Meta-analysis results

Mortality

Overall, the 13 studies had data that compared the relative rates of raw mortality of 1188 patients who were treated with daptomycin (n = 532) or linezolid (n = 656) (Figure 2a). The results indicate that daptomycin was associated with significantly higher mortality (OR: 1.43, 95% CI: 1.09–1.86, p = 0.009, I 2 = 0%). However, there were baseline differences of the 2 study groups, the aORs for mortality in daptomycin- and linezolid-treated patients were analyzed in further detail . We also performed 3 subgroup analyses of these studies. In particular, we analyzed studies in which aORs were reported or not (Figure 2b); studies in which long-term and short-term mortality were reported (Figure 3a); and studies that were published as full papers or conference abstracts (Figure 3b).

Figure 2
figure 2

Forest plots of raw mortality and mortality in which aORs were and were not reported. (a) ORs of all 13 studies. (b) ORs of studies that did (n = 8) and did not (n = 5) report aORs. Here and below, the vertical line indicates the “no difference” point of the 2 regimens and the horizontal lines indicate 95% confidence intervals (CIs). , odds ratio; ♦, pooled odds ratio for all studies.

Figure 3
figure 3

Forest plots of long-term and short term mortality and of full papers and conference abstracts. (a) ORs of studies that reported long-term (n = 8) and short-term (n = 5) mortality. (b) ORs of studies that were full papers (n = 9) and conference abstracts (n = 4).
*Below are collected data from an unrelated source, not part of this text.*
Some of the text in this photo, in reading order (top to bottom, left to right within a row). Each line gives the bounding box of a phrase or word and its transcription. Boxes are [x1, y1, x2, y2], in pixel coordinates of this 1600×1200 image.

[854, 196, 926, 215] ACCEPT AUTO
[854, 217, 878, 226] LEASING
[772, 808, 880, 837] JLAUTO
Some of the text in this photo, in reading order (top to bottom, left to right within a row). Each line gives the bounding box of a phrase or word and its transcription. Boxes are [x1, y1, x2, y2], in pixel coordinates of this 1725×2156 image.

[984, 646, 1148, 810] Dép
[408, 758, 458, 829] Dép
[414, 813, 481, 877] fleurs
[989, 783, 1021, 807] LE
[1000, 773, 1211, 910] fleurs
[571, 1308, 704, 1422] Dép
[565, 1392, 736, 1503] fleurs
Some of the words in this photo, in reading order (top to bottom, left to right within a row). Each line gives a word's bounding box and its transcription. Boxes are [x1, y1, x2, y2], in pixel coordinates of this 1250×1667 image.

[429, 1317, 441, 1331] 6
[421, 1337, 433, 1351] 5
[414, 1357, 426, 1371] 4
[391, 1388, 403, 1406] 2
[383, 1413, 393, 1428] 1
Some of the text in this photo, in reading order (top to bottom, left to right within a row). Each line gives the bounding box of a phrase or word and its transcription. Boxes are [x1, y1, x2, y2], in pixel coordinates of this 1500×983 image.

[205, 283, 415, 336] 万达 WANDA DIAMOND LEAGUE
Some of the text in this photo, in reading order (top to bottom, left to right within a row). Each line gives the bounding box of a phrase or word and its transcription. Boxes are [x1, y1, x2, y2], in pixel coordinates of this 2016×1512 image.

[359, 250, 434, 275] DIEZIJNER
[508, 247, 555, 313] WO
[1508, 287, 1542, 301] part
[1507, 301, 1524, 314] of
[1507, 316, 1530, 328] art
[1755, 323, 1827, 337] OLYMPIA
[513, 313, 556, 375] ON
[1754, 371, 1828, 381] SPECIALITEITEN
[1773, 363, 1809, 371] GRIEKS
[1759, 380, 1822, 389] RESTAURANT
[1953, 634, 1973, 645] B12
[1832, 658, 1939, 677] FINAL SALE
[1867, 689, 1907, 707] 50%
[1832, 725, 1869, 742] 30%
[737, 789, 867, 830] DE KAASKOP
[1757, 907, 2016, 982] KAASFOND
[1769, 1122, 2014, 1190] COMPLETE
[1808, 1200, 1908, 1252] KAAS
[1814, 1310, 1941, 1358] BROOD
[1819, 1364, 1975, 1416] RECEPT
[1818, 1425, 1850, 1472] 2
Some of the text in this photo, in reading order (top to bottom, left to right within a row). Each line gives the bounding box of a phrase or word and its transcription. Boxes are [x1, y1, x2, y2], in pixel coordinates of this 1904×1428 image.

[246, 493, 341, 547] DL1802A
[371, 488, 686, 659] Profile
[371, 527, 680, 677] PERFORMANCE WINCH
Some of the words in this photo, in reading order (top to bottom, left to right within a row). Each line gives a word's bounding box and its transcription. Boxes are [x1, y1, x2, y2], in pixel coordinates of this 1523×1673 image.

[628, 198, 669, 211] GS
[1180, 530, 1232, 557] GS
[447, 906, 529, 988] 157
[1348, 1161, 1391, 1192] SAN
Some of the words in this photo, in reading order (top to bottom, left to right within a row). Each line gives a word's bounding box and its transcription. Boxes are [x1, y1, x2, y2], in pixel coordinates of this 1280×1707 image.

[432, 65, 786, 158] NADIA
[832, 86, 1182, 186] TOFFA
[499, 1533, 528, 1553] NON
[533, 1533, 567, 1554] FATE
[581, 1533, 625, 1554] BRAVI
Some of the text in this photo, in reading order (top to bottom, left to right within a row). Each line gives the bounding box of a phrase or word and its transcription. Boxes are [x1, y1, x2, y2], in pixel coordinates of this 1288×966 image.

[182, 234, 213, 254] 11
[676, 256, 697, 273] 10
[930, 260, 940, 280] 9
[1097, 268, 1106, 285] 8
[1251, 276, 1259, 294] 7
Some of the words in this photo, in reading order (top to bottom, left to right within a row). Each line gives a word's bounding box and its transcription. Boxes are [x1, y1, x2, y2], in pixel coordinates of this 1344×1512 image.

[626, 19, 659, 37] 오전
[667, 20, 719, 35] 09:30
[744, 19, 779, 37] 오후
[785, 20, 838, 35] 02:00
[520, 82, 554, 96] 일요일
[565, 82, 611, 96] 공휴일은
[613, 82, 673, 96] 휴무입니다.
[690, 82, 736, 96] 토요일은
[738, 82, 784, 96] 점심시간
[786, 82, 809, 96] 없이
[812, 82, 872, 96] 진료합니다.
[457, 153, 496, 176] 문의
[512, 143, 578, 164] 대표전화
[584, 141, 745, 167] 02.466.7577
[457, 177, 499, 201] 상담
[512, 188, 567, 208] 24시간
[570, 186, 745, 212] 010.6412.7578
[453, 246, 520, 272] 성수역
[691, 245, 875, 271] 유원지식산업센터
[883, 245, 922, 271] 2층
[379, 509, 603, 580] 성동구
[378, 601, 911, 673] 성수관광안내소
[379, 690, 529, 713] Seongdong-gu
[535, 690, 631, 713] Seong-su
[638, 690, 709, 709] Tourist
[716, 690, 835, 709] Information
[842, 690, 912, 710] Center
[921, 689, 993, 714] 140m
Among studies that reported aORs, daptomycin was associated with significantly higher mortality (Figure 2b, 747 patients, OR: 1.59, 95% CI: 1.02–2.50, p = 0.04, I 2 = 2%). However, among studies that did not report aORs, daptomycin was not associated with significantly higher mortality (Figure 2b, 441 patients, OR: 1.34, 95% CI: 0.85–2.11, p = 0.20, I 2 = 0%). There was no significant difference between two subgroups (p = 0.54).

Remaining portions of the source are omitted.